■ Exercise instructions ■
The records below must be reproduced exactly, excluding any pictures.

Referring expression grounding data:

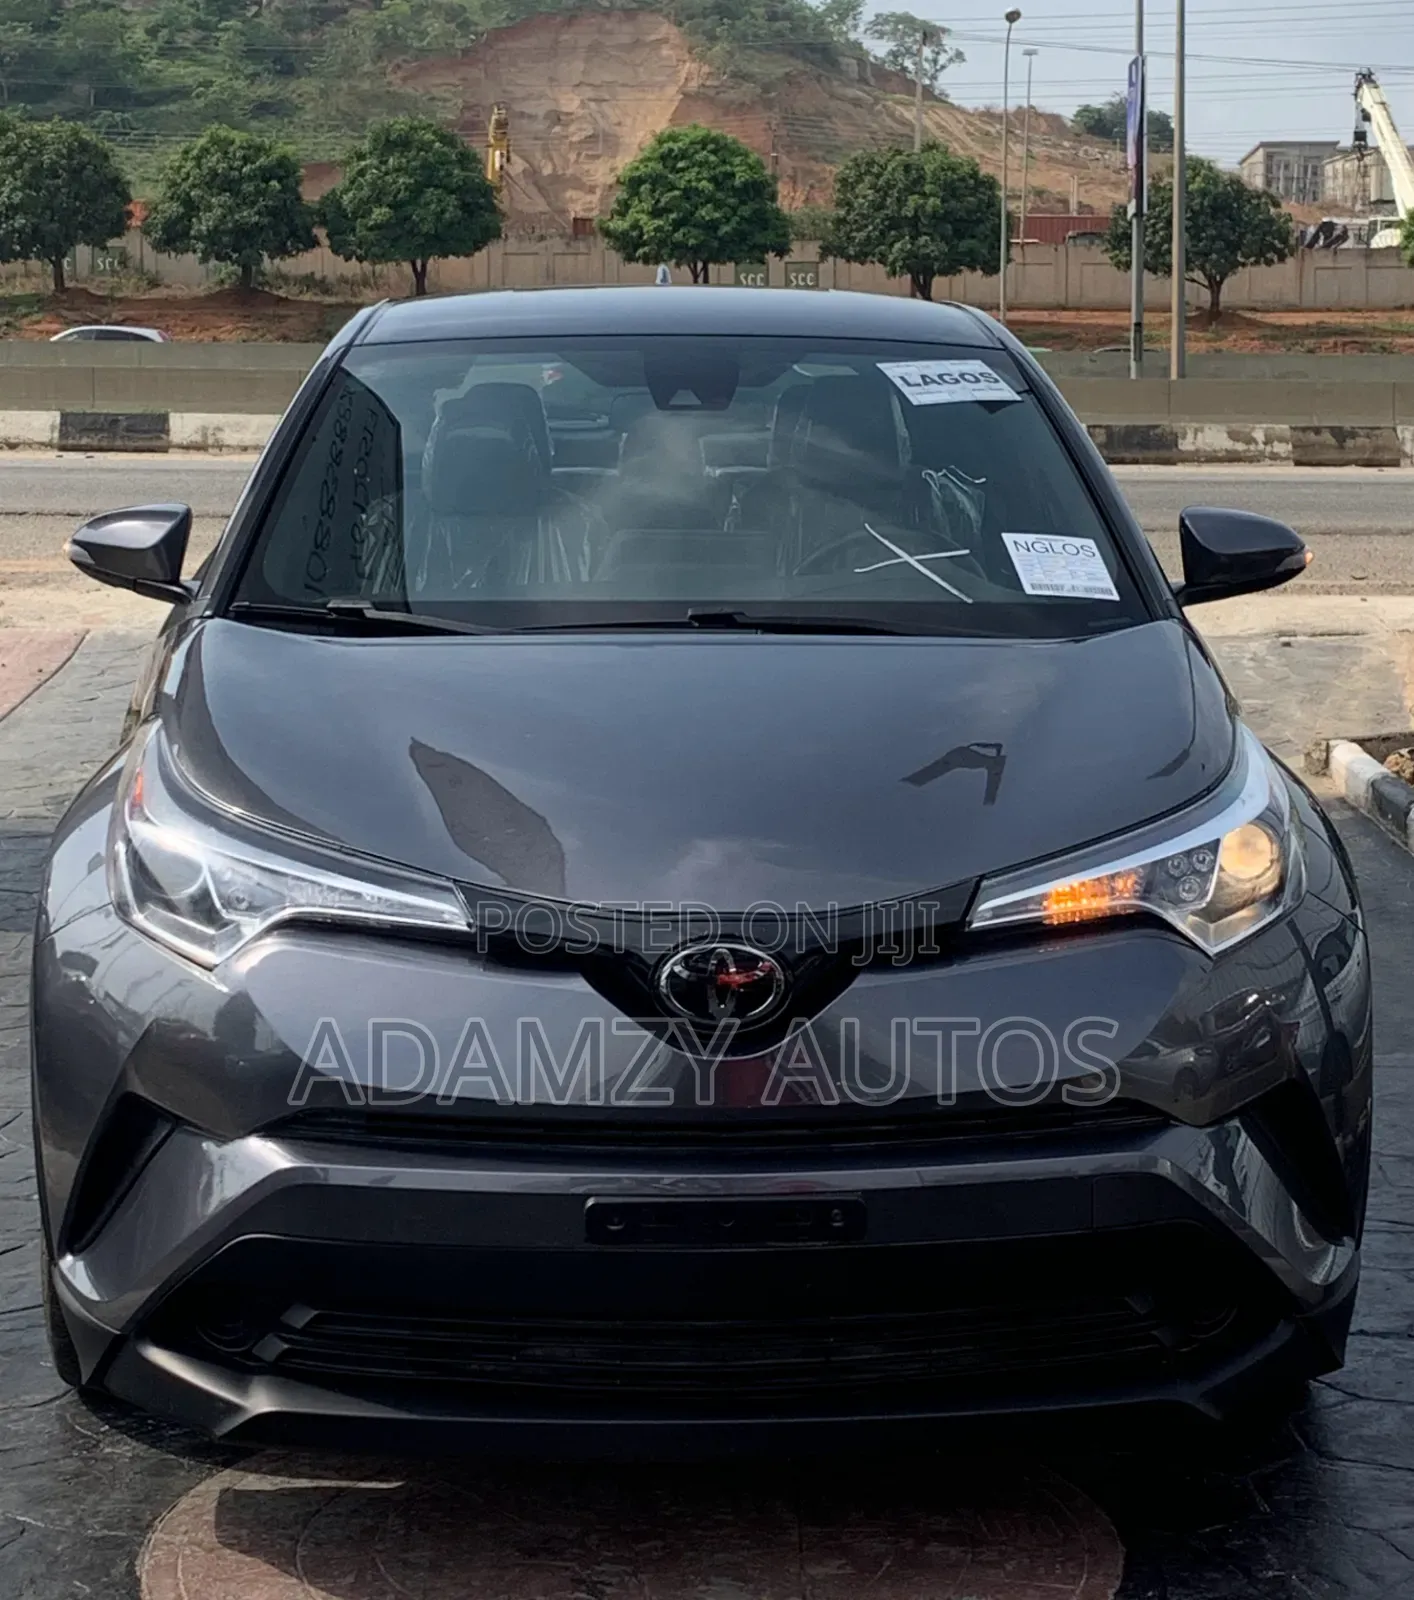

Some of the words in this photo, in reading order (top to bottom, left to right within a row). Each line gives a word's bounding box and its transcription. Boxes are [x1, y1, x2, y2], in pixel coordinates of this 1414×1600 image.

[790, 272, 815, 286] SCC
[898, 371, 1000, 388] LAGOS
[1013, 540, 1096, 558] NGLOS
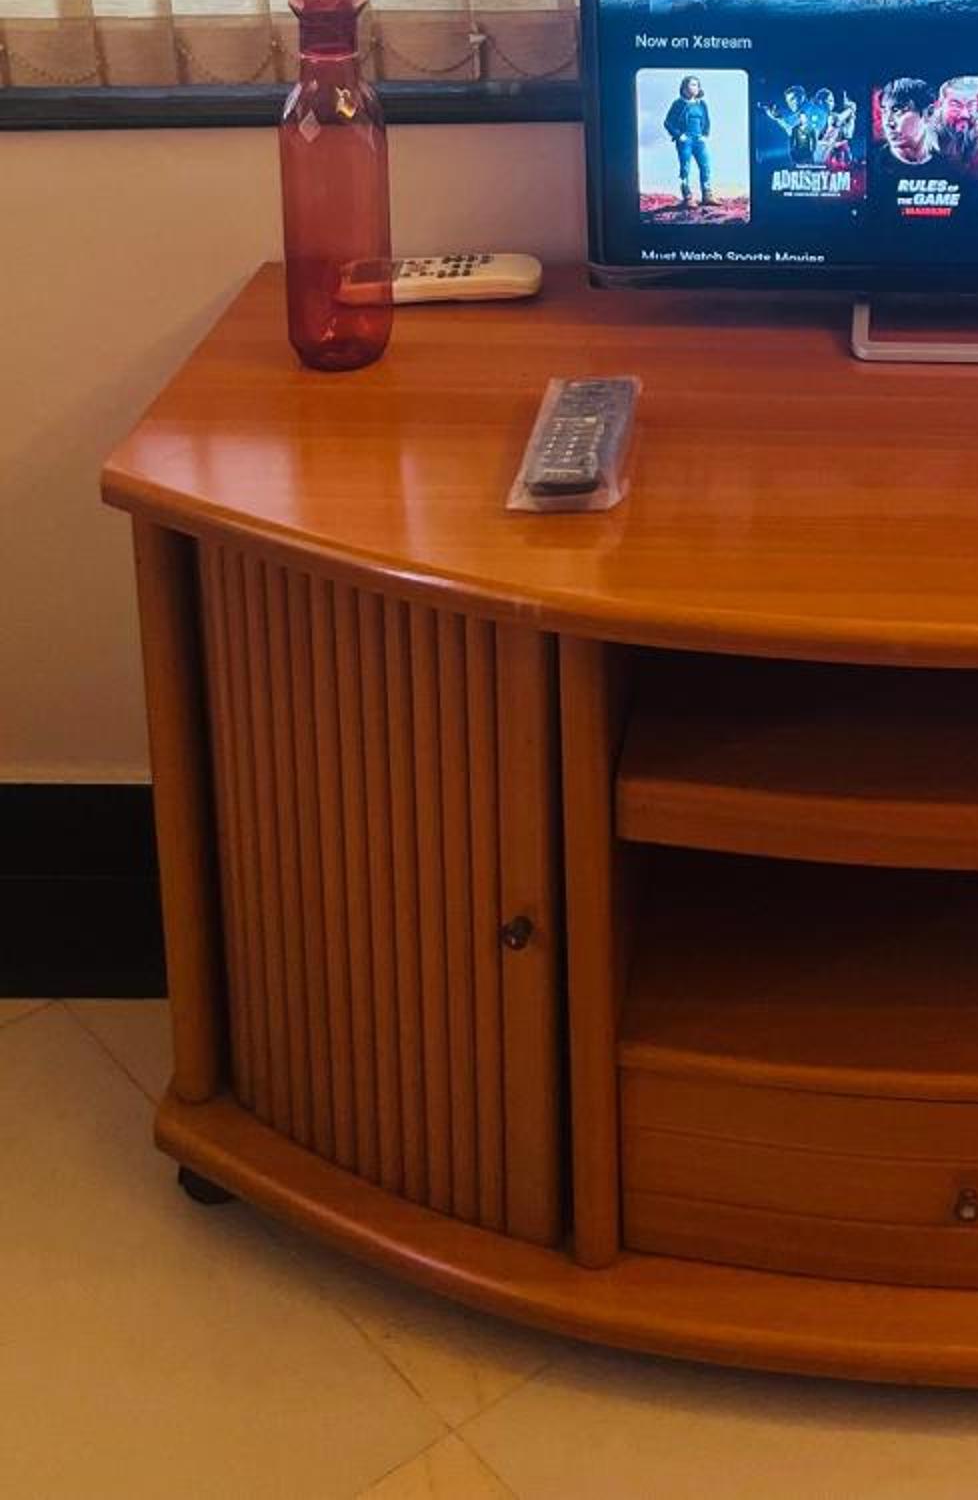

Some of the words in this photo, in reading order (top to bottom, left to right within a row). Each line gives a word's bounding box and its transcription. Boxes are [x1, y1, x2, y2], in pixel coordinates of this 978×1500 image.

[635, 33, 669, 49] Now
[671, 37, 689, 49] on
[692, 34, 753, 49] Xstream
[771, 169, 851, 192] ADRISHYAM
[897, 179, 949, 192] RULES
[913, 193, 961, 207] GAME
[679, 250, 723, 261] Watch
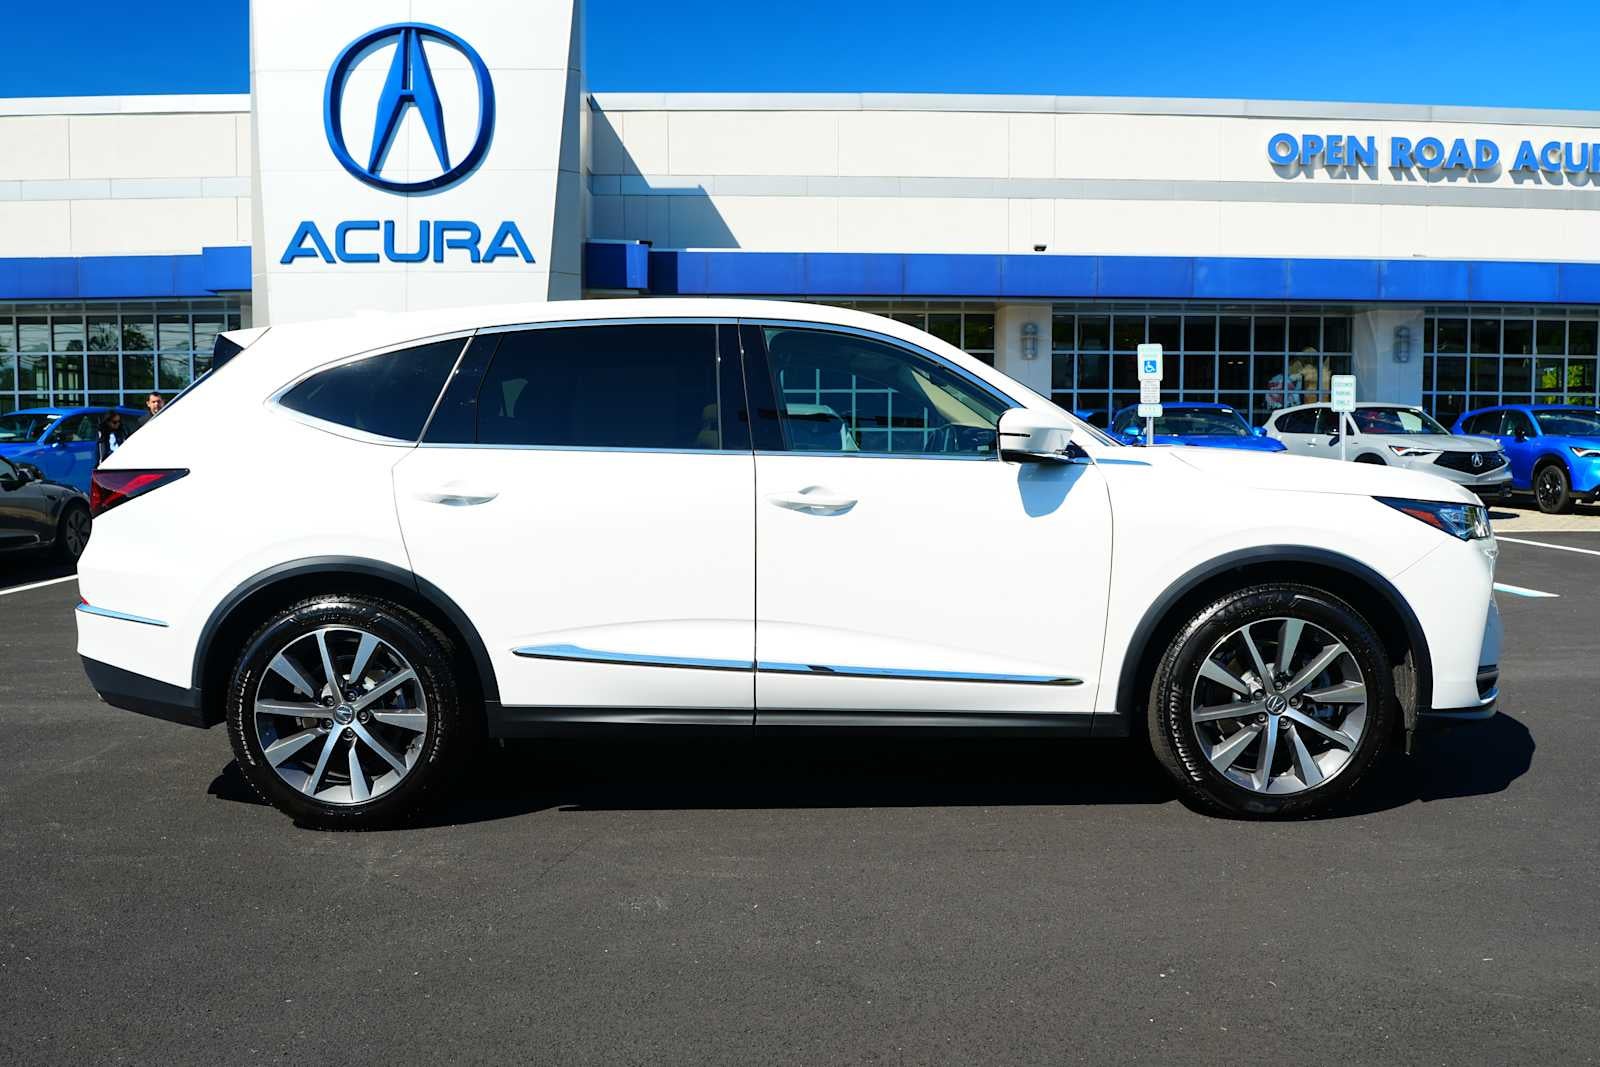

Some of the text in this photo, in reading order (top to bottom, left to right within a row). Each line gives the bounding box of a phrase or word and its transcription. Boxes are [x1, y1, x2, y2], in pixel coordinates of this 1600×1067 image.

[1267, 133, 1375, 166] OPEN
[1391, 137, 1500, 170] ROAD
[280, 220, 536, 264] ACURA
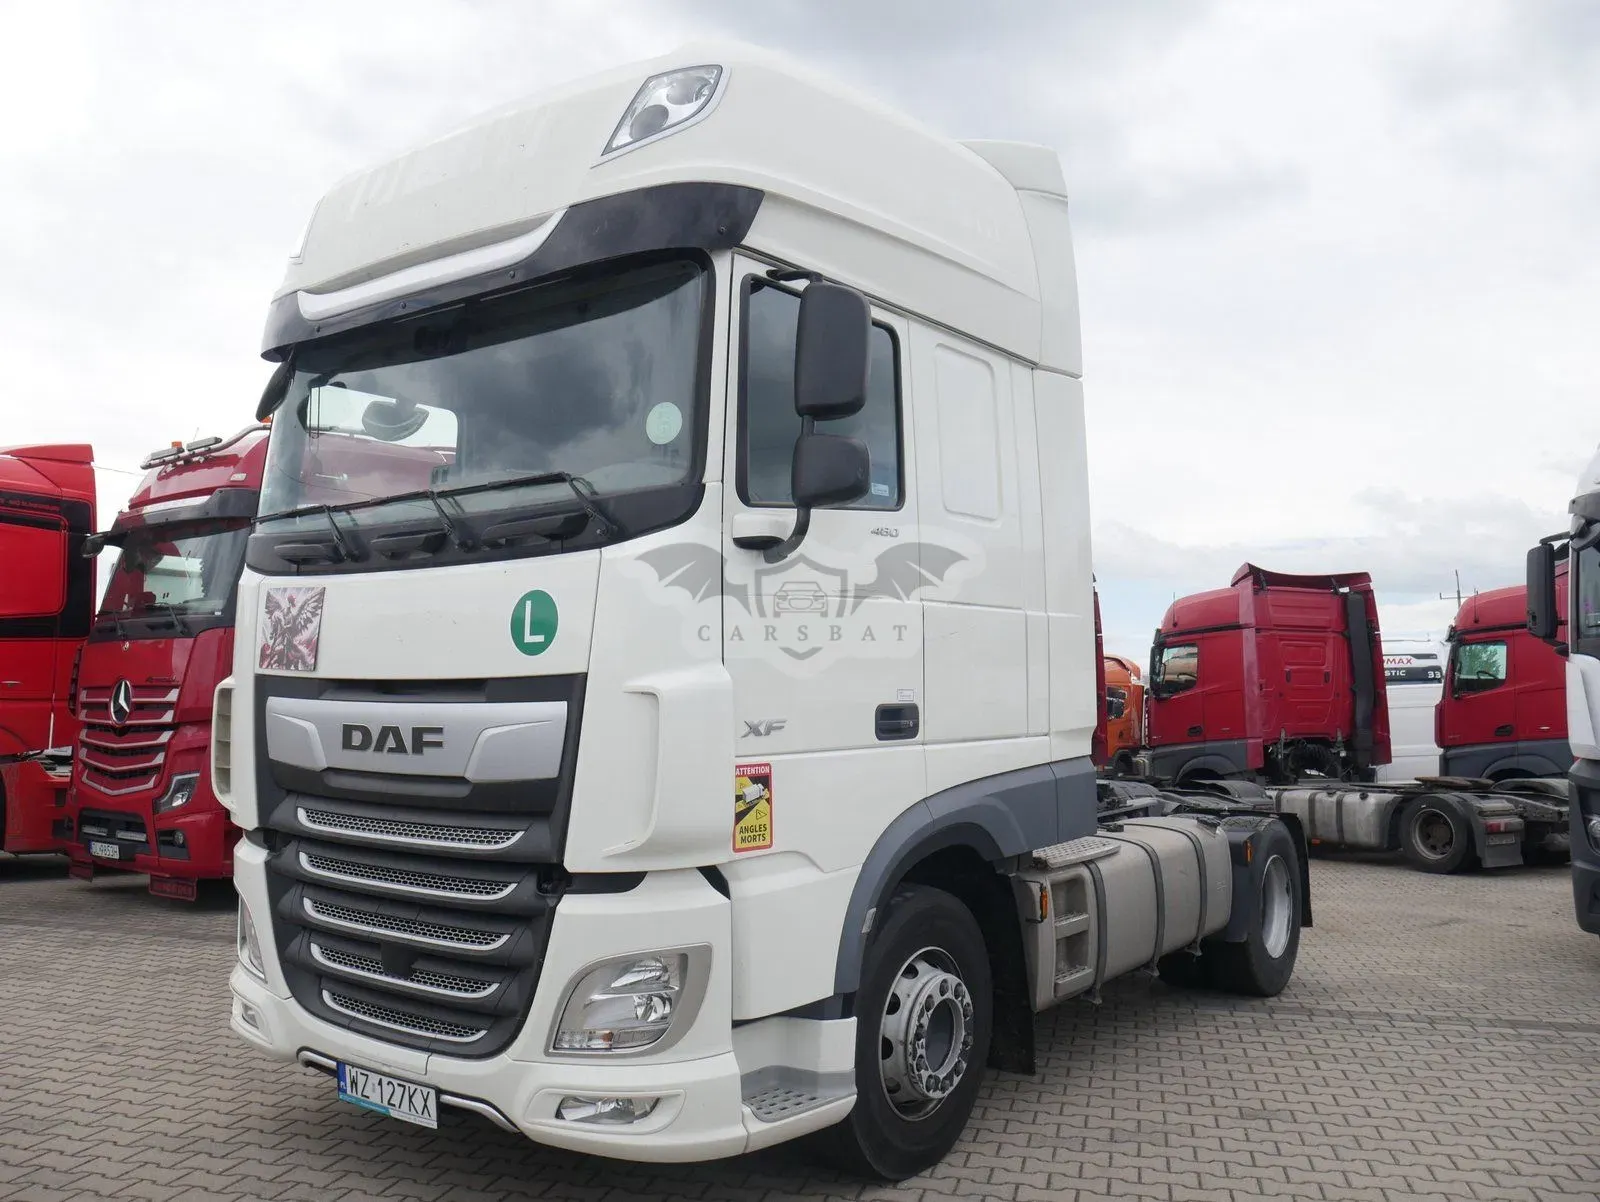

■ Completed exercise ■
Some of the words in this photo, in reading order (top to bottom, left to right within a row). Each line gives a word's bounding box and its transcription. Boxes are [x1, y1, x2, y2], in pixel coordinates of this 1414×1600 image.

[790, 272, 815, 286] SCC
[898, 371, 1000, 388] LAGOS
[1013, 540, 1096, 558] NGLOS

Some of the words in this photo, in reading order (top to bottom, left to right within a row). Each line gives a word's bounding box and its transcription. Boxes are [x1, y1, x2, y2], in pixel coordinates of this 978×1500 image.

[635, 33, 669, 49] Now
[671, 37, 689, 49] on
[692, 34, 753, 49] Xstream
[771, 169, 851, 192] ADRISHYAM
[897, 179, 949, 192] RULES
[913, 193, 961, 207] GAME
[679, 250, 723, 261] Watch

Some of the text in this photo, in reading order (top to bottom, left to right within a row). Each line gives the bounding box of a phrase or word and its transcription. Boxes are [x1, y1, x2, y2], in pixel coordinates of this 1600×1067 image.

[1267, 133, 1375, 166] OPEN
[1391, 137, 1500, 170] ROAD
[280, 220, 536, 264] ACURA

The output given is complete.